Preparing to demonstrate his experimental Aerocar, Taylor arrived at the Aerocar factory on December 8, 1949, with a trailered flight component in tow.
Taylor’s team decided against a two-engine modular vehicle, like the ConvAirCar, in favor of a single engine with just one fuel gauge. The 143-horsepower Lycoming air-cooled aircraft engine they finally settled on gave the Aerocar a range of 500 miles in the air with a full forty-gallon tank. When the wings and tail were attached to the automobile, flight controls mechanically engaged by means of clusters of identical metal pads butting against each other. A lever in the cabin caused a particular pad in the cluster to respond, affecting the rudder, ailerons, and elevators. The automatic matching up of clusters also disengaged the rear brakes, allowing the rear wheels to roll freely for landing, and popped the rudder pedals into position. Five pins locked the wings and tail in place. And if somehow a connection was still improperly fastened, a red warning light flashed in the center of the instrument panel. Like the Airphibian’s engine, the Aerocar’s engine would not start until every part matched up securely in place for flight, including the supporting wing struts. Under the dashboard there was a backup switch for double-checking that the warning light was functioning properly, just in case.
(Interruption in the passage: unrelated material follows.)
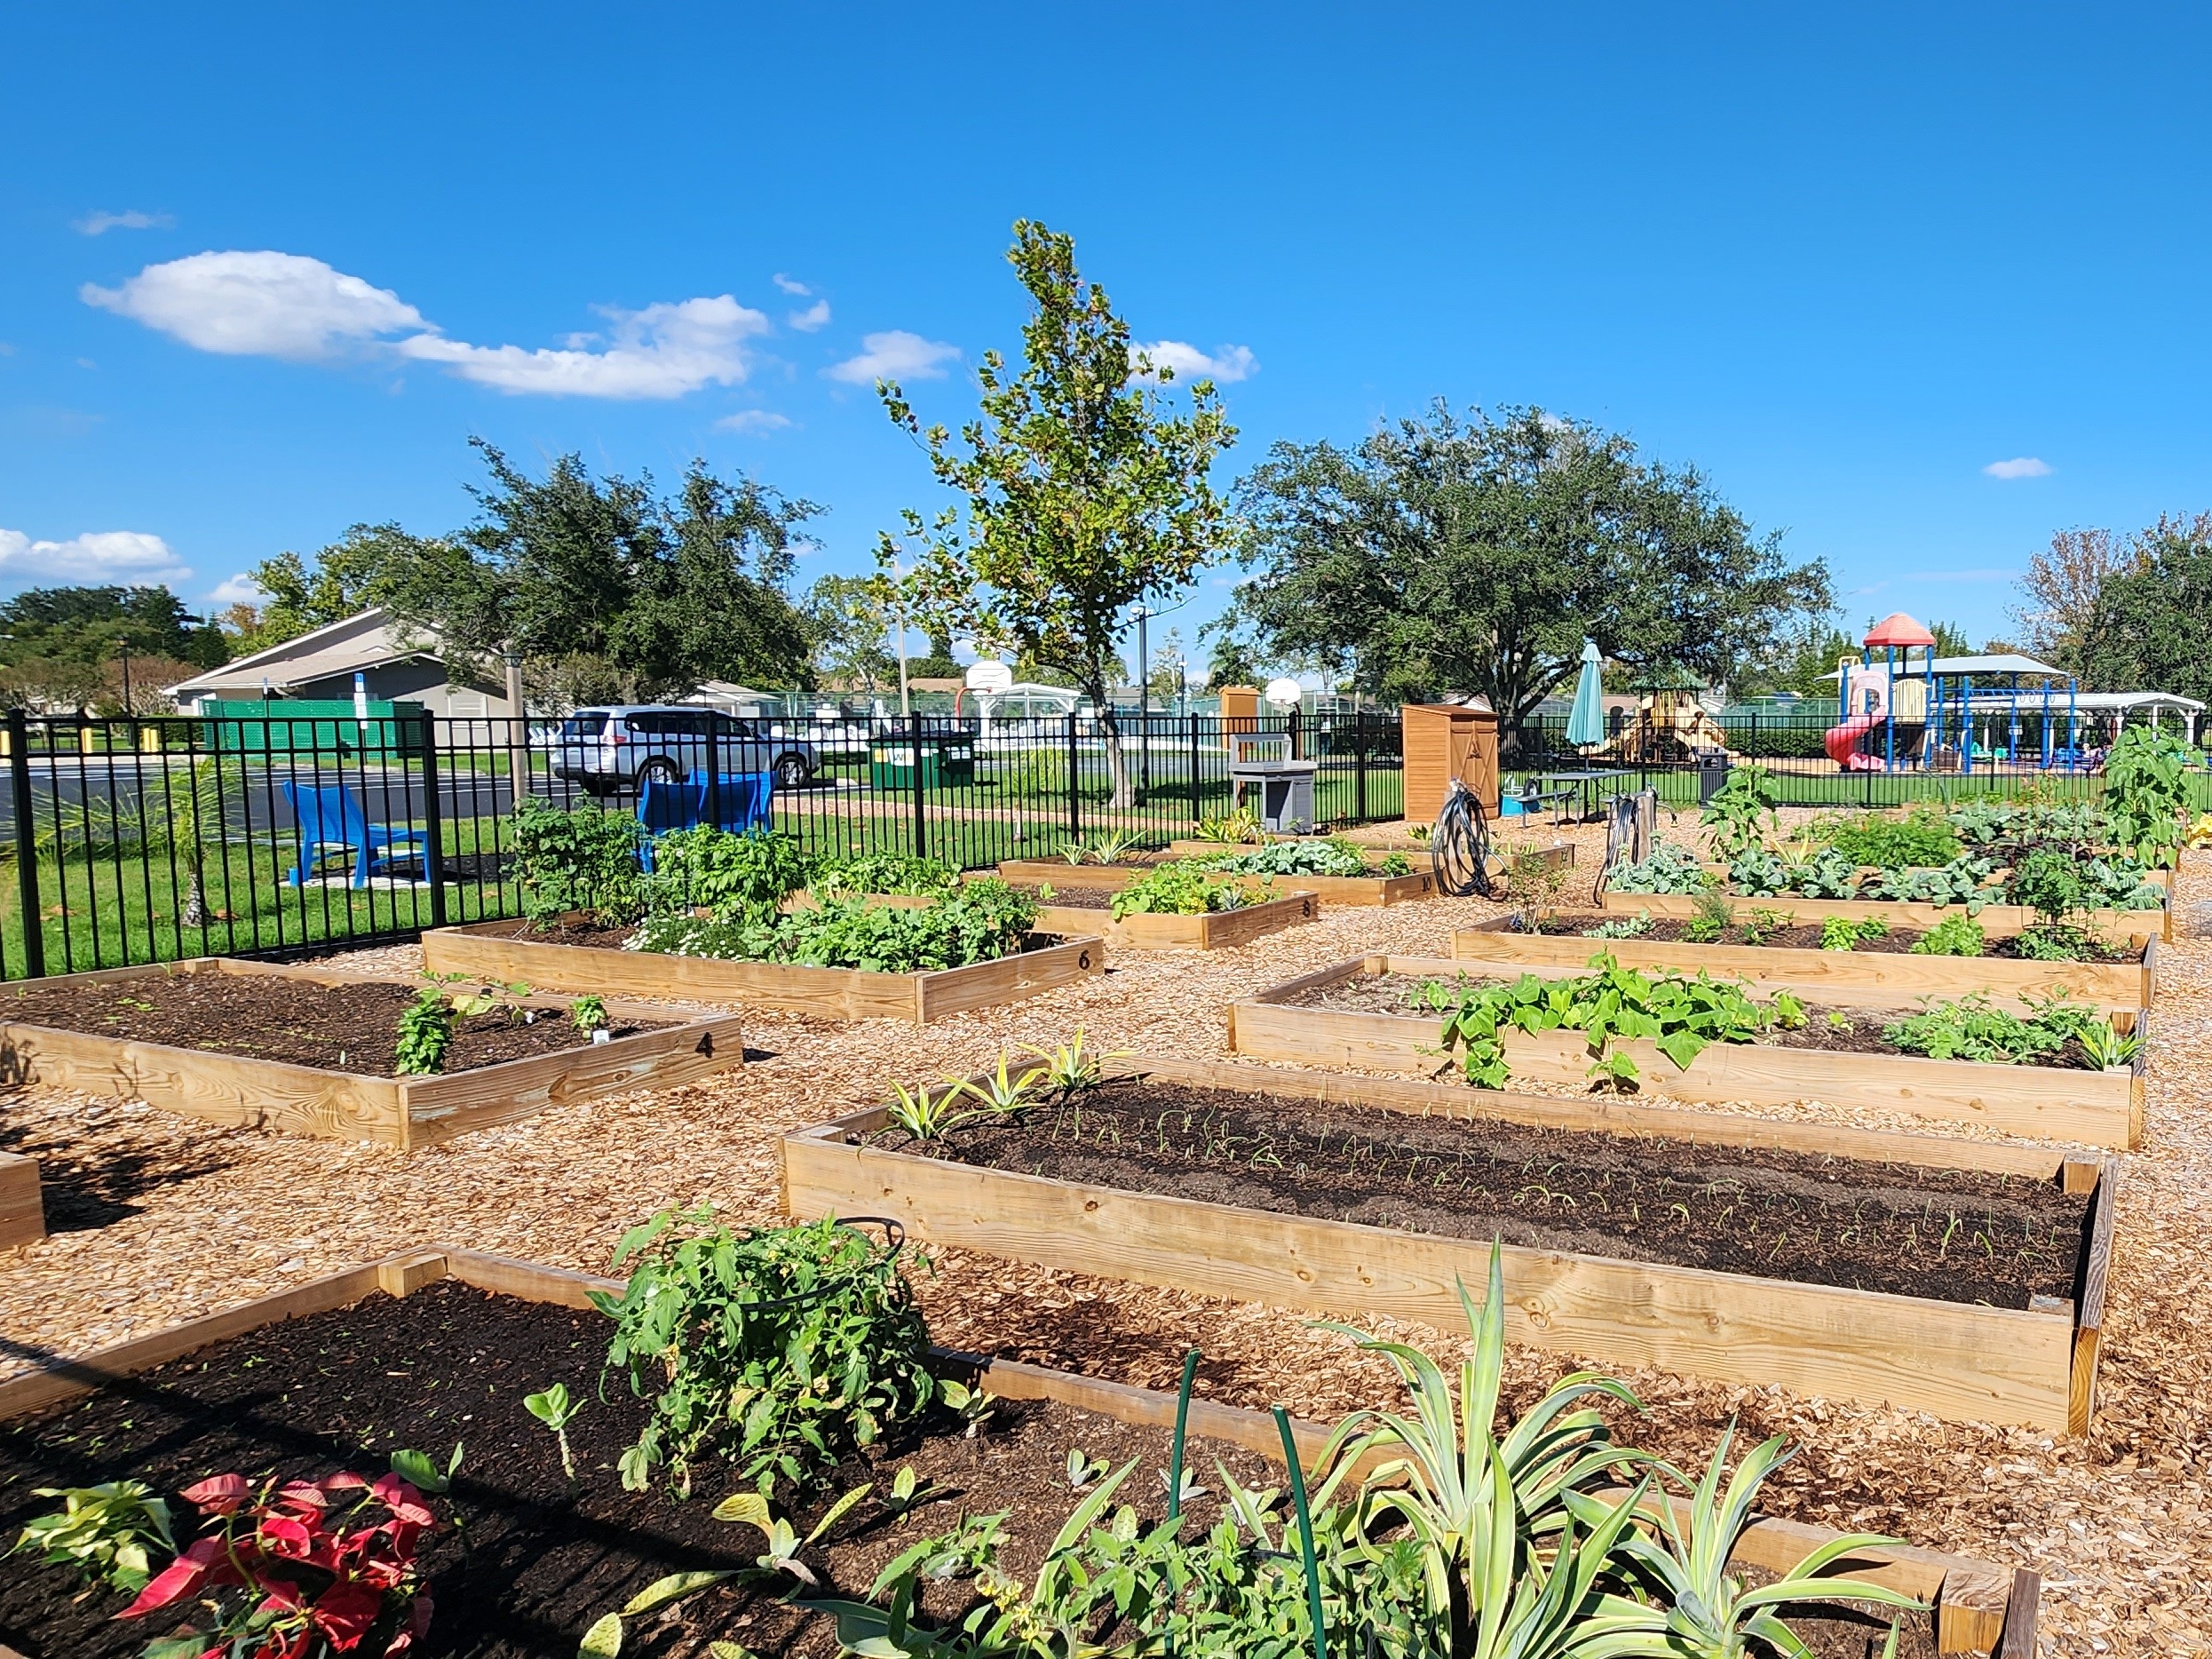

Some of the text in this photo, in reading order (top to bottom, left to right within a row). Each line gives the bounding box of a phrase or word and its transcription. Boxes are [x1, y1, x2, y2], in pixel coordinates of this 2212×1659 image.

The primary innovation of the Aerocar that distinguished it from other prototypes, including Fulton’s Airphibian, was that once the wing struts were disengaged, the wings folded smoothly back alongside the fuselage and tail, supported by small wheels (later made retractable). The entire flight component could then be rolled into a garage and left there, allowing the driver to zip around in a nifty-looking sports car. Or the fuselage, wings, and tail could be towed, trailer-like, and later reattached at another landing strip.
Driving into the sky.
Just as Taylor had promised, Aerocar I was ready to roll on December 8, 1949. His backers—local businessmen, teachers, and doctors—gathered to see if their investment would fly. Taylor arrived for the trial run
driving what was later described in the Miami Herald as “one of the ugliest automobiles ever put together. . . . But never mind,” the article continued. “Here’s what Taylor would do; he’d drive this thing to the Kelso airport, put on the wings and fly back. That ought to prove the point, oughtn’t it? Which it certainly did. The investors were overjoyed.” Popular magazines proclaimed the Aerocar the transportation of the future. Taylor and his team doggedly continued perfecting the prototype. Jess Minnick described driving the Aerocar as “much like getting a good start on a drag strip with the difference that you just keep going, off, up and out over the crowd.”
It took almost eight years and some seven hundred hours in the air, 20,000 miles on the road, and hundreds of structural tests before government inspectors at the Civil Aeronautics Authority unreservedly okayed Aerocar for mass production in December 1956. The Aerocar also complied with the motor vehicle codes in all the states that had them. An enthusiast wrote in 1957, “You can walk into the factory today, pay your money and drive out with a flying automobile. . . . With everything necessary for an airplane and a car, the interior has an attractive, uncluttered appearance. The Aerocar is fun to drive and gives a very acceptable jeep-like ride, with front-wheel drive and a top highway speed of 65.” A popular rock and roller, Chuck Berry, sang its praises in a song called “You Can’t Catch Me.”